I ponder the pros and cons. I query folks who’ve spent time with me these past four months, curious as to what differences about me they notice.
Some folks miss my deep dives into social issues, unpacking where bias was being interjected into our perceptions, outlining how our thinking was being manipulated, and reconciling what we saw “out there” as a reflection of our own inner thoughts and behaviors toward ourselves.
At first, I missed being able to check in with close friends and family without actually, well, checking in with them. Occasional encouragements to voyeuristically view my wife’s Facebook posts from those closest to me made me feel like an Amish woman circumventing the dictum of no television by watching my neighbor’s tv set.

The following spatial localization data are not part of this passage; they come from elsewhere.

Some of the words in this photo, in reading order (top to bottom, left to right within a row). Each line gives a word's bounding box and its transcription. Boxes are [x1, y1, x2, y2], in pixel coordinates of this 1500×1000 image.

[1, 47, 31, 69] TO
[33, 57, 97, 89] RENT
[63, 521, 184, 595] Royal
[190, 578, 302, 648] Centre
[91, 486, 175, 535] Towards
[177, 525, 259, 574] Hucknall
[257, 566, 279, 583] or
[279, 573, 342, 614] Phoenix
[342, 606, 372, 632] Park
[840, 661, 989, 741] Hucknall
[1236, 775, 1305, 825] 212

Instead, I took to texting, then emailing, then actually calling and talking to people. I set up Zoom ice cream dates with my bestie, virtual coffees and lunches with others, and even face to face coffees and lunches with those close enough to see in-person.

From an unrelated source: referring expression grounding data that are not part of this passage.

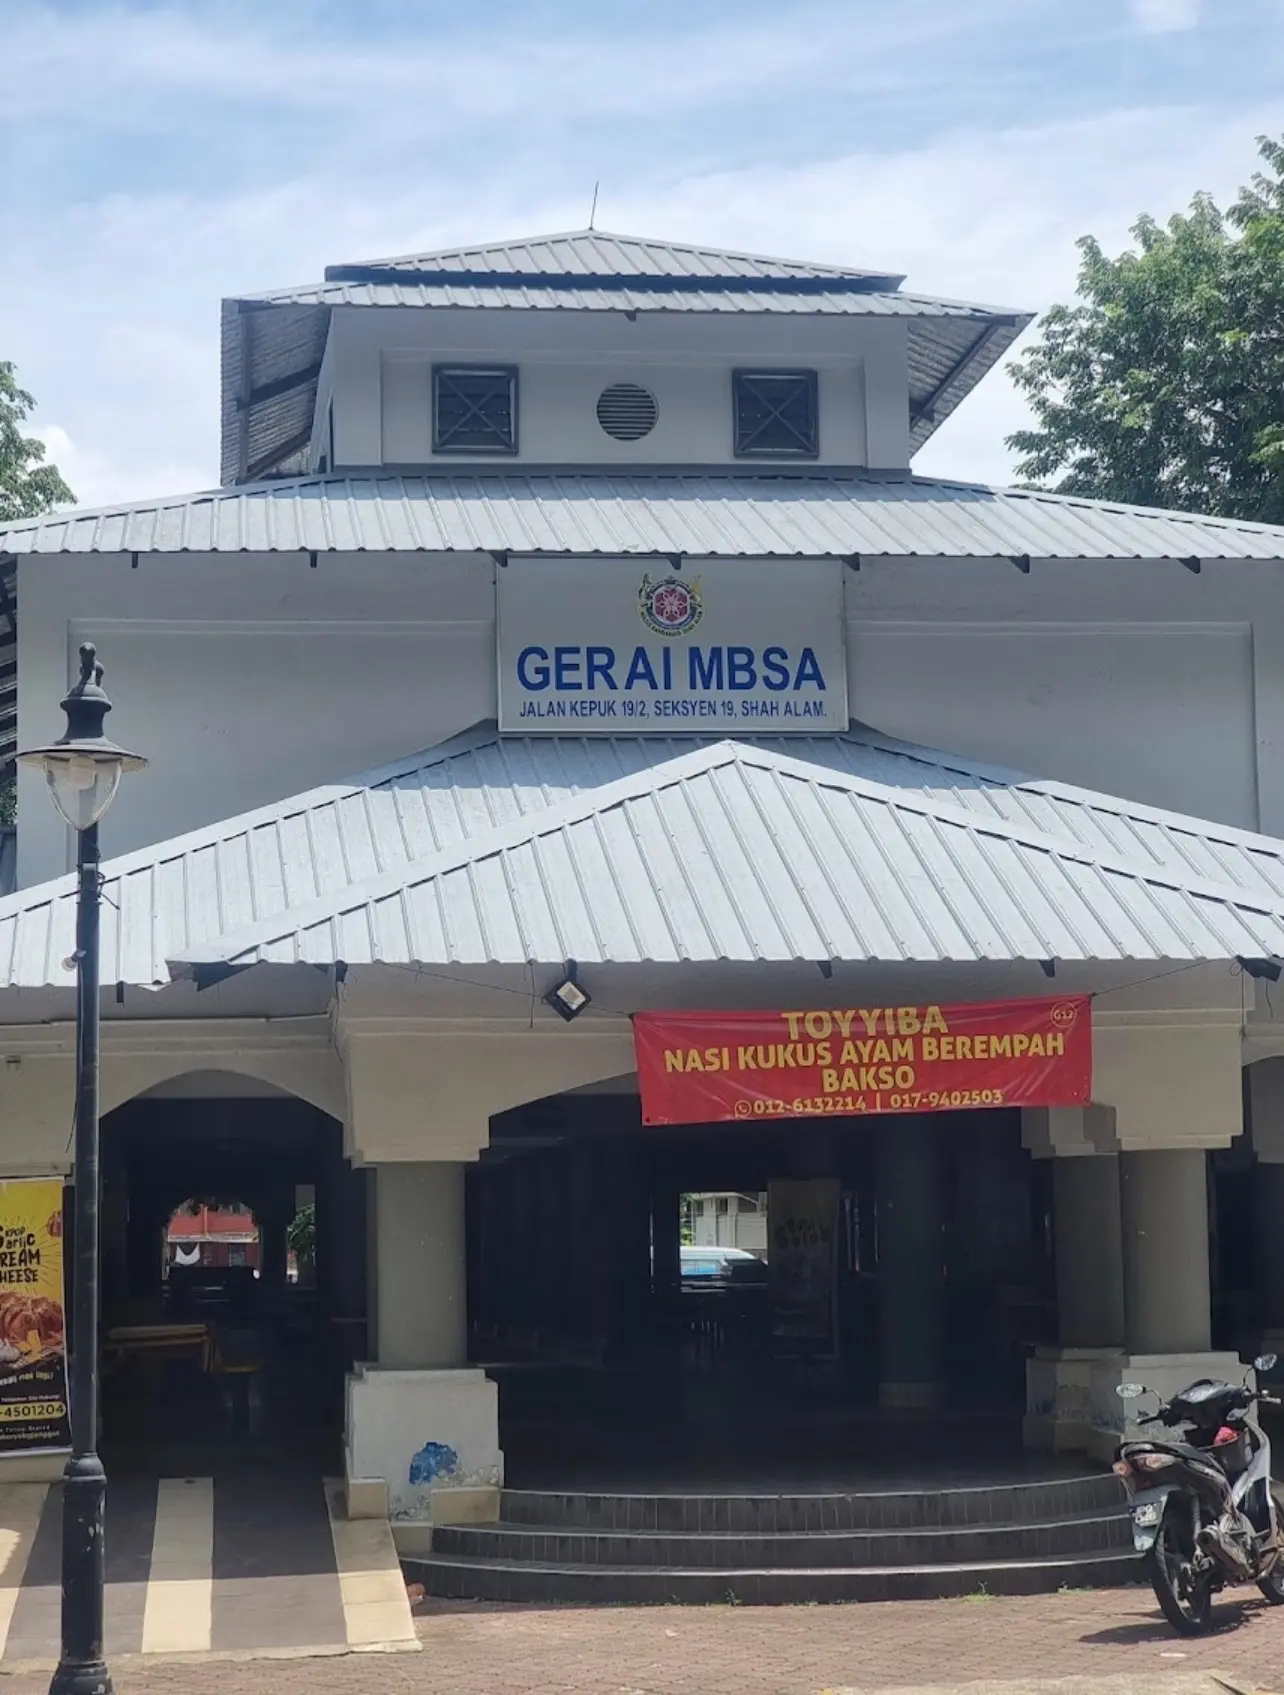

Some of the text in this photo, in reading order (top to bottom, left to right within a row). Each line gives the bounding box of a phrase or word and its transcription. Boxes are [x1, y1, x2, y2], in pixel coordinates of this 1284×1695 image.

[516, 645, 827, 692] GERAI MBSA
[519, 700, 828, 720] JALAN KEPUK 19/2, SEKSYEN 19, SHAH ALAM.
[781, 1005, 949, 1041] TOYYIBA
[664, 1032, 1065, 1074] NASI KUKUS AYAM BEREMPAH
[822, 1065, 915, 1093] BAKSO
[754, 1096, 867, 1115] 012-6132214
[890, 1089, 1004, 1108] 017-9402503

Connections felt deeper. Conversations too. Real conversations. Dialogues, introspections, ponderings. Great big gaps of serene silence not needing to be filled.
I found I didn’t miss the hours it took me to track down facts, back up premises, dissect arguments and expand perspectives. More time. For me. And the ephemera I like to learn.
I took time at Thanksgiving to explore what I wanted the next five years of my life to look like, thanks to Raymond Charles Barker’s outstanding book The Power of Decision. I made decisions for myself. And I began moving toward those decisions.
In 120 days I’ve managed to close a business, open an estate, be fully present to my family during the transition of the family patriarch, re-launch a weekly newsletter, get back to a regular writing regimen, research topics of interest to me. And read.
Oh, how I’m reading! I’m averaging a bit more than a book a day. All while moving forward my other tasks, and (mostly) without having to feel rushed or stressed.
I’m reading all sorts of fiction, non-fiction, how-to books, spiritual books, personal development and anything else that strikes my fancy at the time.
I’m more present to my family. Less affected by things happening “out there.” (Although several folks have reminded me that I wasn’t really emotionally swayed by most of what was posted on social media in the first place.)
When I talk about leaving social media, I get mixed responses. Some think I’m brave. Some say insane. I listen politely when people gasp I couldn’t possibly leave social media! It’s too important for building their business they tell me.
I listen. I hear what they’re saying.
And then I remind myself of what my business was like before social media. I had a thriving – and active – subscriber base, a daily radio show; a full calendar of clients, events, speaking engagements and media coverage. And no trolls. Okay, there were those two voicemails – hate messages– about my book on The Art of Tithing. But like Oprah said, you can’t please all the people all the time, right?
In addition to writing this newsletter, I still pen new musings on Medium, in various publications. If you want to stay up on my writings, I invite you to subscribe.
You can also catch my videos, the What Would Paula Say? talk show and media appearances on YouTube. There’s a video interview with me on the New Thought For a New World show hosted by Dale Worley from INTA, that should be posted in the next week or so.
Mostly I’m simply going with the flow. I’ve made time for creativity, for play, for snuggles, cooking and stillness. I’m not even remotely interested in jumping back in.
Not even the alternative social media interests me. I want to engage with real people. People I know, am getting to know, or have yet to meet. Folks who truly like interacting with the reality of me.